— О чем мы с тобой говорили? — вернулся ко мне с поля боя Серебровский.
— Ты знаешь вице-премьера Фатеева? — спросил я.
— Знаю. Правда, он уже давно не вице-премьер…
— А чем он занимается сейчас?
— Черт его знает! Возглавляет какой-то общественный фонд, — равнодушно сказал Сашка. — Можем сейчас же узнать. А зачем он тебе?
— Мне-то он ни к чему, но я получил на свой запрос любопытную справку из Интерпола. У моих коллег нет реальных доказательств, но они допускают, что миллионы Смаглия могли притечь из ловких ручек Фатеева. Из казны, естественно, но с ведома и согласия Фатеева…
— Действительно любопытно, — с интересом посмотрел на меня Серебровский поверх очков.
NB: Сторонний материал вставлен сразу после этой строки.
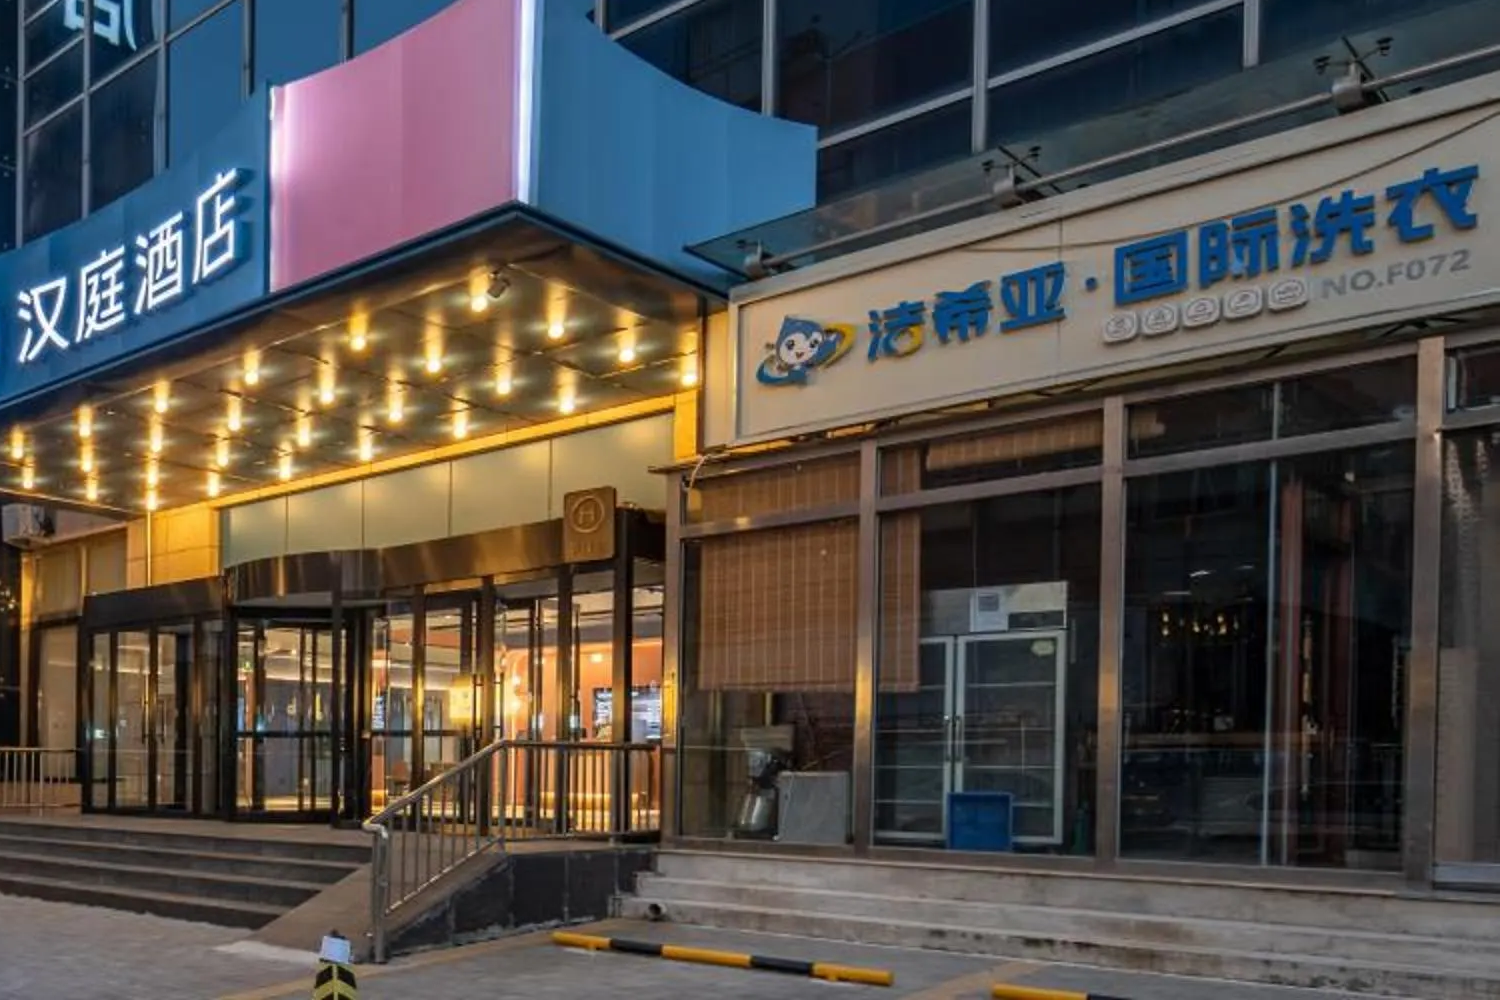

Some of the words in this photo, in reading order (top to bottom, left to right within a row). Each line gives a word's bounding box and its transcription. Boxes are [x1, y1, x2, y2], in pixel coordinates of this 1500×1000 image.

[17, 168, 238, 363] 汉庭酒店
[1322, 249, 1470, 299] NO.F072
— Ты такую возможность допускаешь?
— Я любую возможность допускаю, — сказал Серебровский. — Наши чиновники — люди отчаянные. Остановить их нельзя — они уже полностью в восторге от своей безнаказанно-сладкой недозволенной жизни… Прошлое свое они продали, предали и чертям передали. Души нет, прощения не будет. И завтра никакого нет — там ад. Остается черный нал сегодняшнего дня, на закраине бытия…
— Я и не догадывался, что ты такой моралист, — усмехнулся я.
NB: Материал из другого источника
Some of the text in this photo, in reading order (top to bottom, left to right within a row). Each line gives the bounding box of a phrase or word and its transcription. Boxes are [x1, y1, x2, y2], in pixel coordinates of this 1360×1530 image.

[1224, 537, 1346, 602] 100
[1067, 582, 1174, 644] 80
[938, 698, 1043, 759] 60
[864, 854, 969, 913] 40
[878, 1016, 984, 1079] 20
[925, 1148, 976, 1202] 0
— Я не моралист. Я — трезвый, объективный наблюдатель…
— И участник, — добавил я.
— И участник! Мне иначе нельзя — мигом задницу отвинтят, — засмеялся Сашка. — Возвращаясь к Фатееву… Я его хорошо знаю. Если у вас нет реальных доказательств, очень хороших, надежных документов — все это разговоры в пользу бедных…
— Пока доказательств нет, — согласился я. — У Интерпола — список из двенадцати компаний, зарегистрированных в Ирландии, на Кайманах, Антигуа, где осели деньги.
— Ага, все понятно — оффшор! — махнул рукой Серебровский. — Оффшорные банки вам не дадут информацию. Получите от мертвого осла уши… Да и денег там скорее всего уже нет.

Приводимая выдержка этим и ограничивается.